Biosimulation is integral to drug development today, with fierce competition for expert scientists to run the simulations and interpret the results. Craig Rayner, president of Certara, a biosimulation company, is turning to Africa to unlock an untapped reservoir of talent.
Craig Rayner / Certara President, Integrated Drug Development
Biosimulation is integral to drug development today, with fierce competition for expert scientists to run the simulations and interpret the results. Craig Rayner, president of Certara, a biosimulation company, is turning to Africa to unlock an untapped reservoir of talent.
“We see Africa as a sandbox of innovation, which is very different from the way many perceive the continent,” Rayner told BioSpace. “Where many see challenges and market failures, we see opportunities. Those challenges force us to be innovative in the way medicine is developed. Our view is that it’s very much a glass half full perspective.”
He isn’t naïve. Certara supports several projects in Africa and knows first-hand the criticality of getting the clinical trial design right, so trials can be successfully executed.. “It’s often difficult to get trials to patients in Africa, and the diseases there often are very serious and very different from those in the U.S. and Europe,” Rayner acknowledged.
The situation on the ground makes it extremely difficult for companies to conduct clinical trials there but makes it an ideal environment for biosimulation. “This approach to trials offers a great example of ways in which Africa can lead in developing therapies for diseases of particular interest on that continent, and thus can also inform research in mainstream diseases.”
As an example of North/South collaboration, Rayner cites the development of moxidectin, an antiparasitic used to treat river blindness. Thanks to a network of global collaborations that stretched from Uganda to Australia, Switzerland, the U.K., and the U.S., Medicines Development for Global Health (MDGH) obtained FDA approval in 2018. It was the first new treatment for river blindness in 20 years. Now it is being developed for a range of other conditions.
Building a global network of trained pharmacologists is a way to make future collaborations easier and more frequent. That effort actually benefited, secondarily, from the COVID-19 pandemic. “We all learned we can work from home, collaborating virtually, across the board,” Rayner pointed out. All that’s required, he said, is high-speed computing power, Zoom (or similar meeting software), and bright people. “We can be agnostic to geography.”
To that end, organizations are working to build the skills to design and apply mathematical models to simulate clinical trials and to use statistical tools to quantify and extract insights from drug, disease and trial data.
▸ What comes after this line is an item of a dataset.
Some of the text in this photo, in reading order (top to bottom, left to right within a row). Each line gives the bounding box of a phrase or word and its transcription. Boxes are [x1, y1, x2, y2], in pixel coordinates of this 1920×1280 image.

“There’s a convergence of scientists trying to upskill the community,” Rayner said. Pharmacometrics Africa, for example, works with multiple organizations to operate quantitative clinical pharmacology educational programs in concert with local research organizations and academic institutions. Partners include the Bill & Melinda Gates Foundation and the African Academy of Sciences.
Although some universities have fellowship programs in the space, much of the skills are acquired post-doctorally. “There’s a significant need for talent in this area,” he reiterated. “That’s why the company is looking further afield, to other geographies for talent.”
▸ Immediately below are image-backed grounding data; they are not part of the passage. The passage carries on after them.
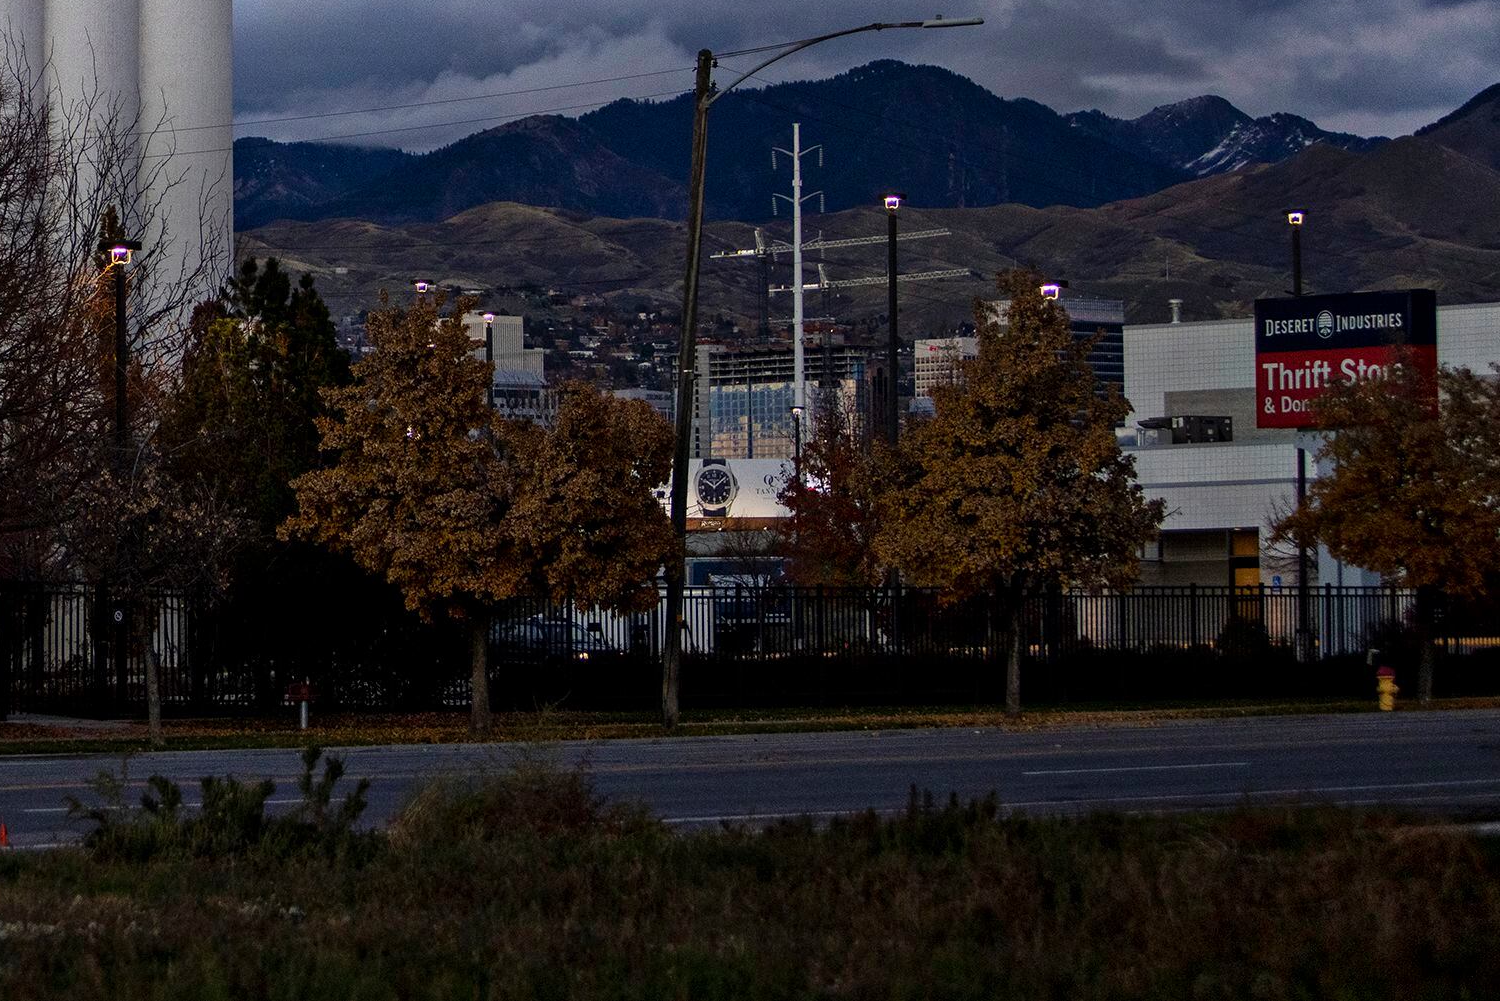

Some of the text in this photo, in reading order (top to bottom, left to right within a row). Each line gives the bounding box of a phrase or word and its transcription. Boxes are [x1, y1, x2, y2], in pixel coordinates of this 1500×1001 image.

[1265, 313, 1402, 337] DESERET INDUSTRIES
[1262, 360, 1331, 390] Thrift
[1264, 397, 1275, 414] &
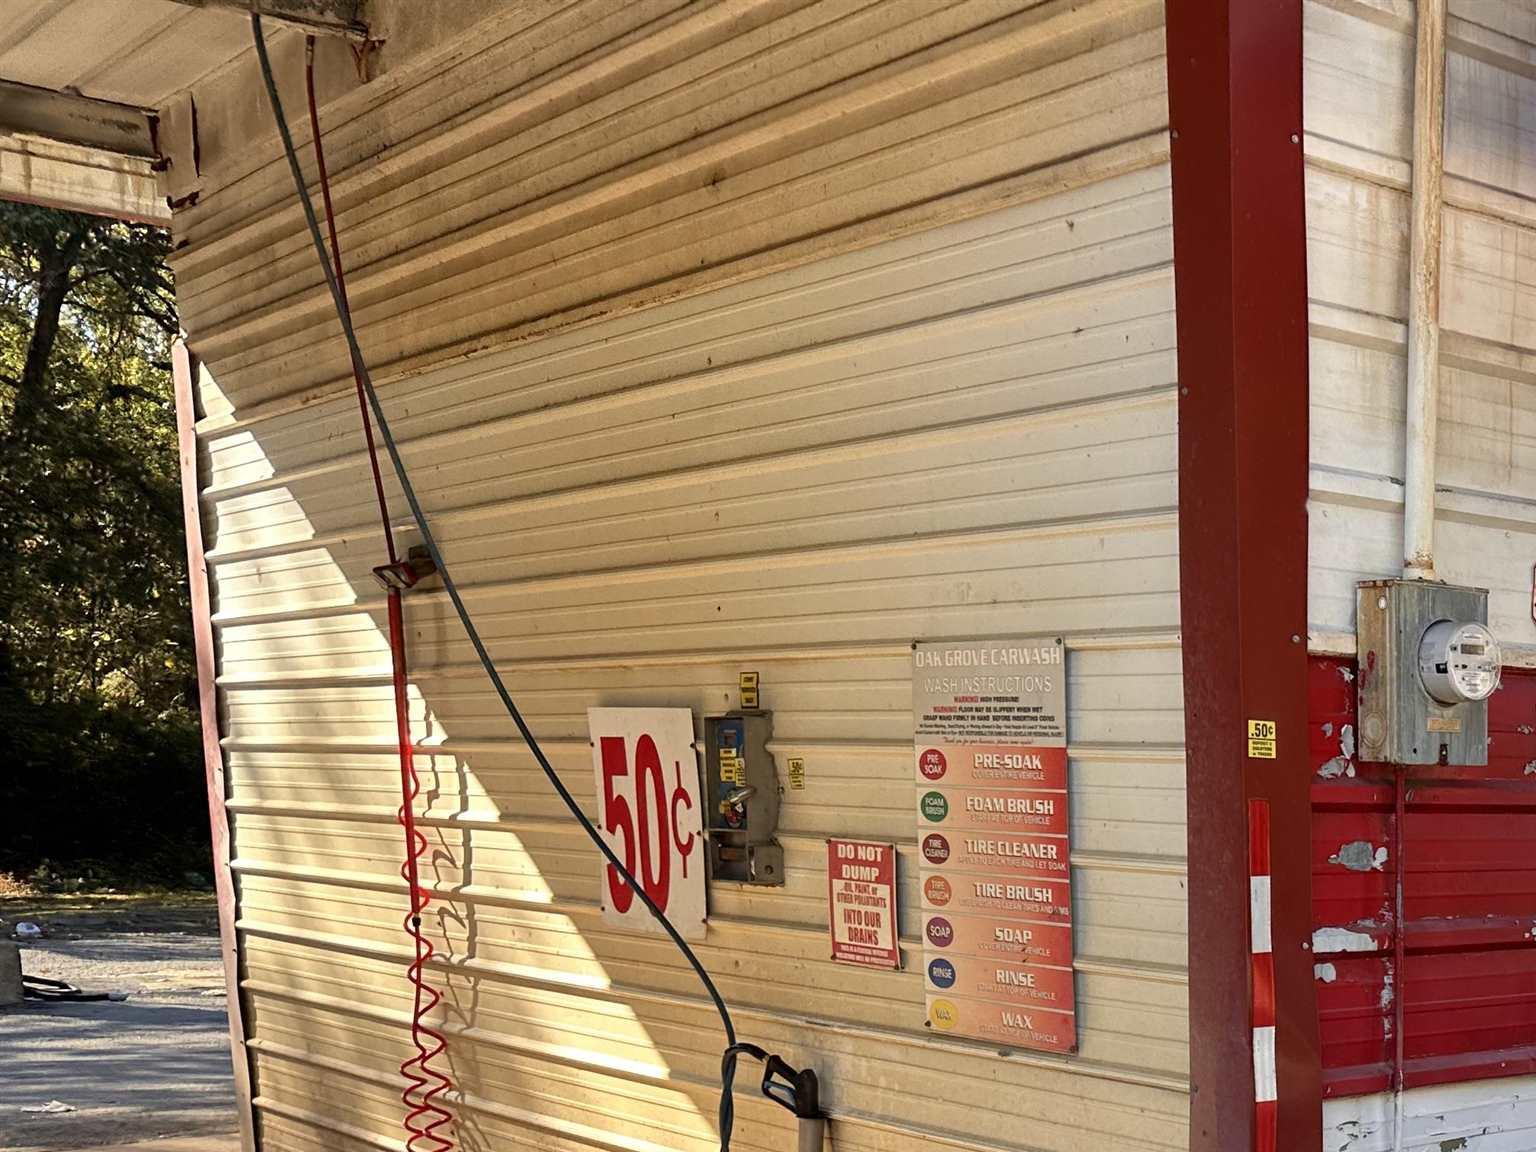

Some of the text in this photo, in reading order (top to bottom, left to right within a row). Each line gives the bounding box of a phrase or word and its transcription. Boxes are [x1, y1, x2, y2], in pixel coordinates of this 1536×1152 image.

[915, 647, 1061, 668] OAK GROVE CARWASH
[924, 675, 1052, 693] WASH INSTRUCTIONS
[1251, 723, 1273, 737] .50¢
[924, 765, 943, 775] SOAK
[973, 753, 1042, 770] PRE-SOAK
[925, 798, 945, 807] FOAM
[966, 796, 1054, 815] FOAM BRUSH
[600, 733, 694, 917] 50¢
[929, 839, 942, 848] TIRE
[965, 838, 997, 855] TIRE
[997, 842, 1057, 860] CLEANER
[837, 844, 883, 862] DO NOT
[842, 864, 879, 881] DUMP
[1035, 860, 1047, 869] LET
[974, 881, 1005, 899] TIRE
[1007, 885, 1053, 903] BRUSH
[844, 909, 881, 928] INTO OUR
[848, 926, 879, 946] DRAINS
[930, 925, 951, 938] SOAP
[993, 927, 1033, 944] SOAP
[932, 966, 953, 979] RINSE
[996, 969, 1035, 987] RINSE
[1001, 1011, 1034, 1029] WAX
Certara is “investing a lot in training to create and to further develop pharmacometric competencies. We will be announcing further commitments in this area later this summer,” Rayner said
In developing that training program, Certara is taking lessons from microfinance. “There needs to be a business case for stakeholders,” he stressed. The company is developing that prior to this summer’s rollout and is continuing to onboard new talent in that area.
Participants in the soon-to-be-operational pharmacology training program need “sound grounding in biology or engineering,” Rayner stressed. “Physicians and Ph.D.s are good candidates.” They also need the willingness and ability to invest their time and efforts into a structured, virtual curriculum, and some industry engagement.
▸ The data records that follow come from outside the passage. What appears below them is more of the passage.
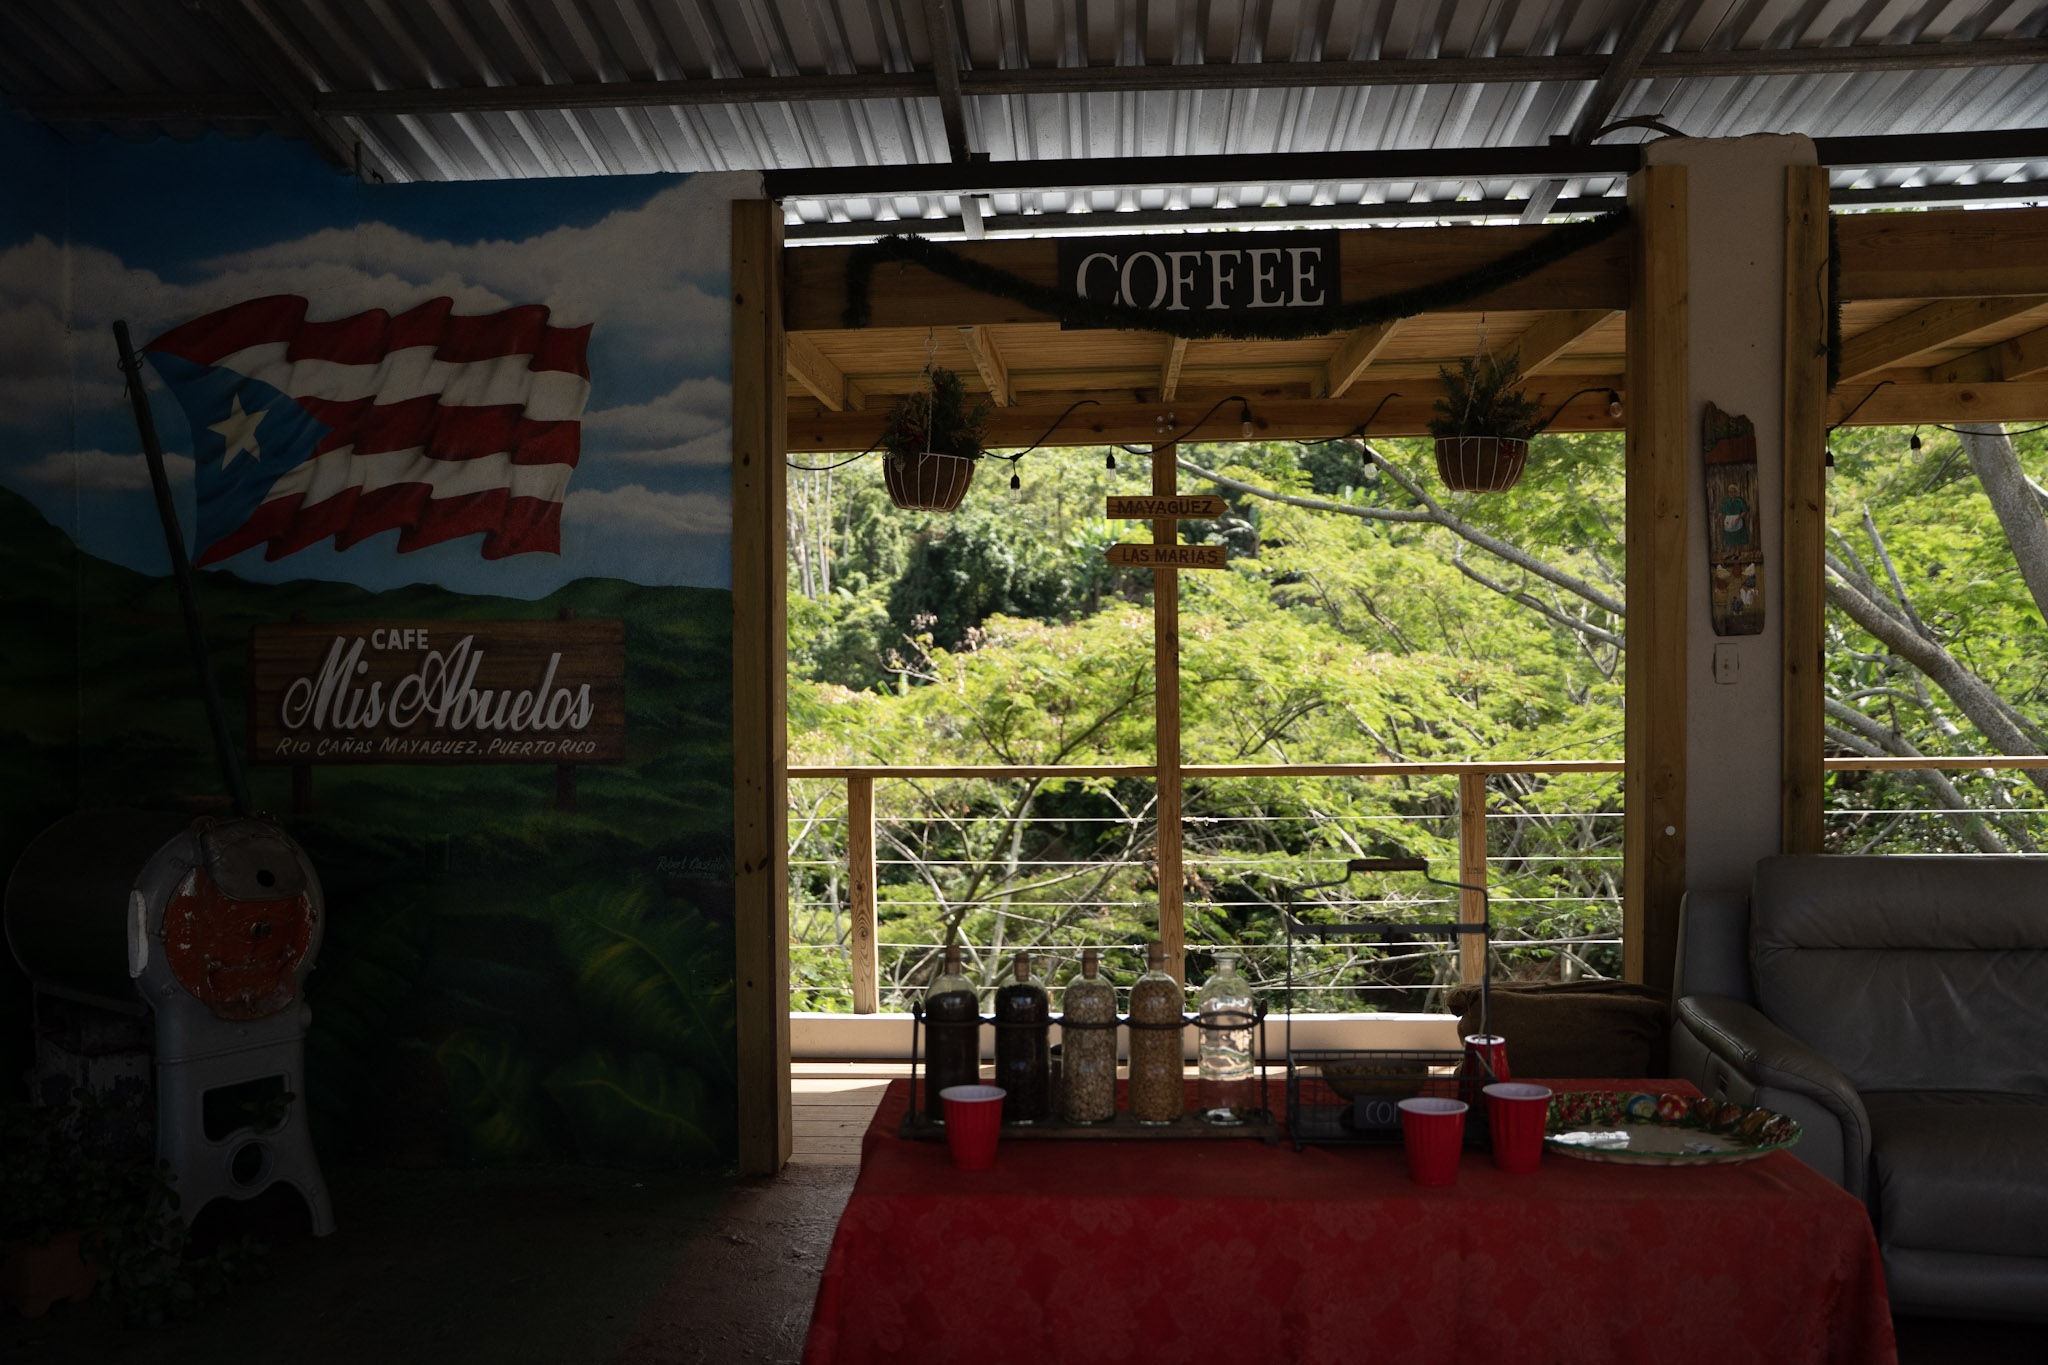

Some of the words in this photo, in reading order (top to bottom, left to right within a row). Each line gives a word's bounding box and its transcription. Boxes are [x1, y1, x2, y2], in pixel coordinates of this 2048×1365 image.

[1076, 247, 1325, 311] COFFEE
[1122, 548, 1150, 562] LAS
[1154, 549, 1218, 564] MARIAS
[371, 629, 429, 650] CAFE
[281, 635, 386, 730] Mis
[387, 634, 595, 732] Abuelos
[487, 737, 556, 756] PUERTO
[557, 738, 597, 755] RICO
By “industry engagement” Rayner means “working closely on drug development project teams so participants can see how the competencies honed in the program contribute to drug development in real life. The key is to make the training durable,” and to give participants a reason to remain in-country and help build up their regions rather than emigrate to other nations. For that to occur, you need critical mass and enough soft infrastructure so they can work on global projects and continually growing and learning, mastering their skills.”
Transitioning to in silico trials goes hand-in-hand with developing clinical pharmacology talent globally. But, beyond that, biosimulation can make a huge difference in drug development, he said. “Just think back to the height of the COVID-19 pandemic. The entire clinical trial ecosystem was put on hold. So many early Phase I trials couldn’t be conducted then.” One of the difficulties, he said, was finding patients.
“That situation heightened the importance of making the best use possible of available data,” Rayner continued. Oftentimes, that means extracting more information from existing data and using simulations to obtain insights before conducting in vivo studies.
That’s where computer-based trials can be beneficial. “Models for pharmacology, pharmacokinetics, pharmacodynamics, and toxicology, for example, can simulate what happens in clinical trials and make them more efficient,” he said. Sometimes, they even can replace the need for clinical trials. Examples include dosage confirmation, combinations of COVID-19 vaccines, or altering inoculation time frames. “Clinical trials in those instances could take a very long time.”
Since society may not have time to wait, mathematical models – and the people to build them and interpret their results – can help.